▸ HOW TO COMPLETE THIS TASK
With images excluded, write out each entry below exactly as given.

(Text-to-region grounding data)
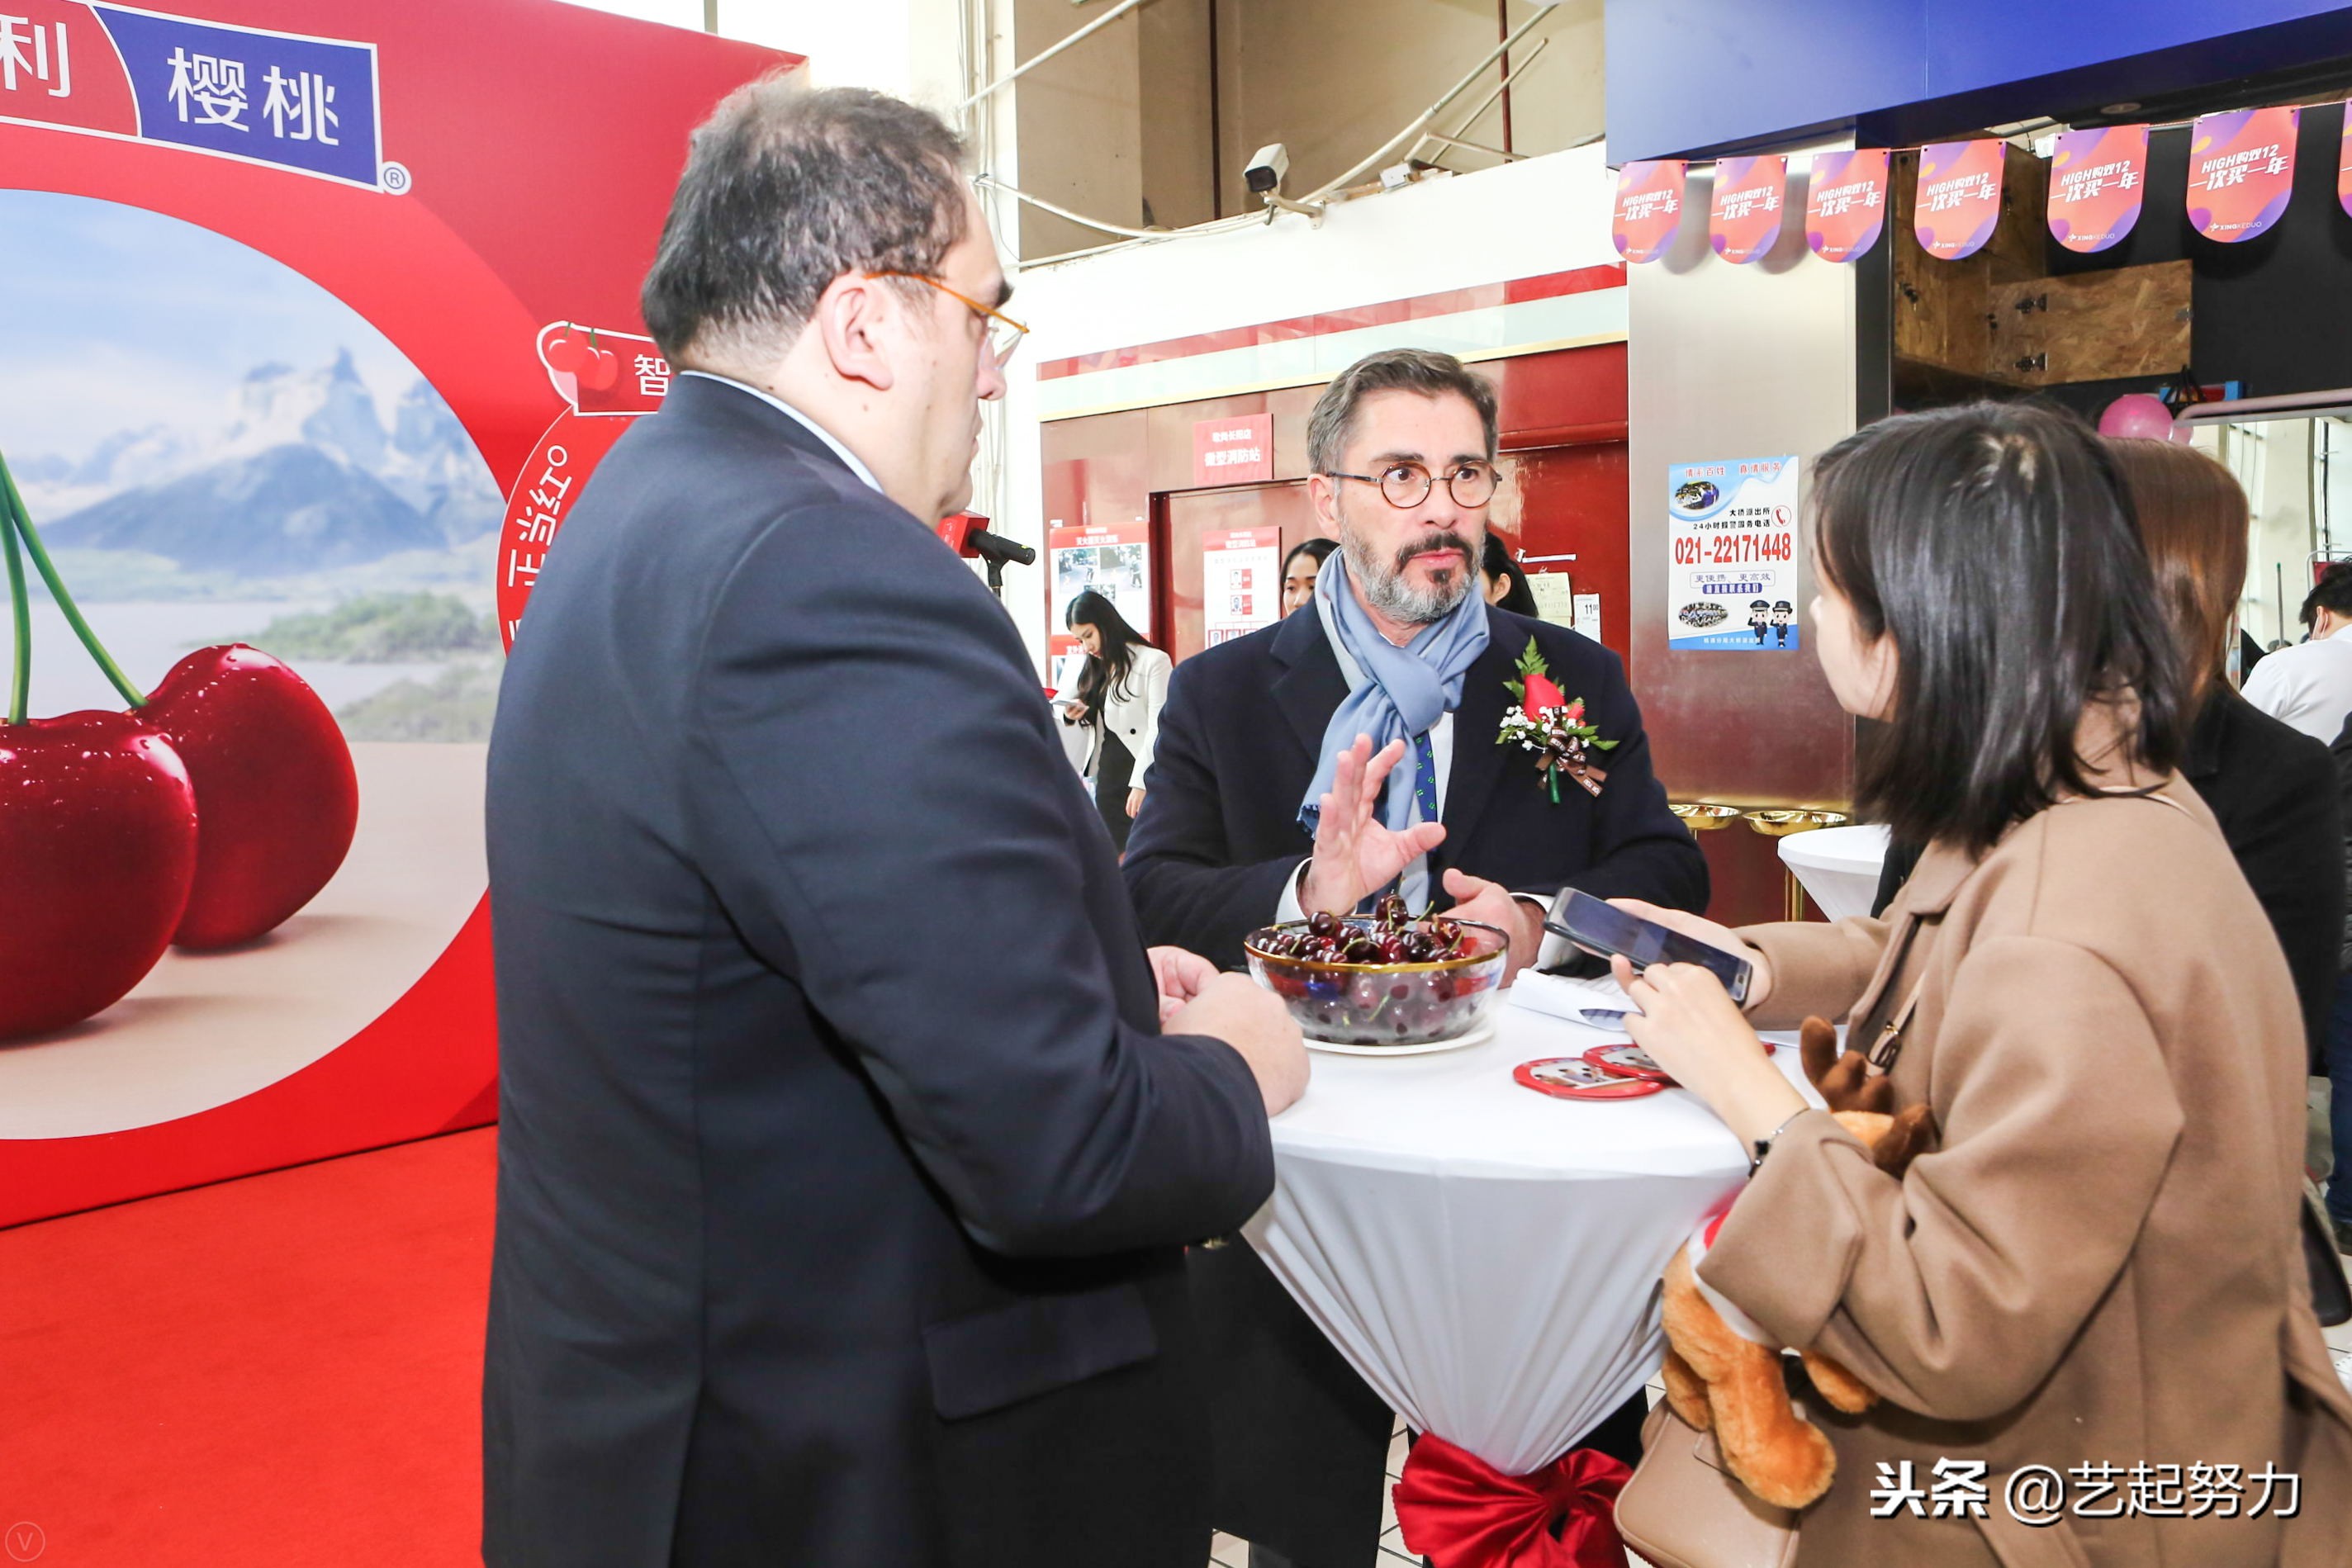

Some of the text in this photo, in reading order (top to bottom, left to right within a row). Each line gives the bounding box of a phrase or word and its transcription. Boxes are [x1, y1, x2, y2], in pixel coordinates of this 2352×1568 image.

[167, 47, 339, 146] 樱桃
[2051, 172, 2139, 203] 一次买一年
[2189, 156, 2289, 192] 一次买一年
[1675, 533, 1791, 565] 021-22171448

▸ TASK OUTPUT
Some of the text in this photo, in reading order (top to bottom, left to right within a row). Each line gives the bounding box of a phrase or word and its transcription. Boxes are [x1, y1, x2, y2], in pixel coordinates of this 2352×1568 image.

[167, 47, 339, 146] 樱桃
[2051, 172, 2139, 203] 一次买一年
[2189, 156, 2289, 192] 一次买一年
[1675, 533, 1791, 565] 021-22171448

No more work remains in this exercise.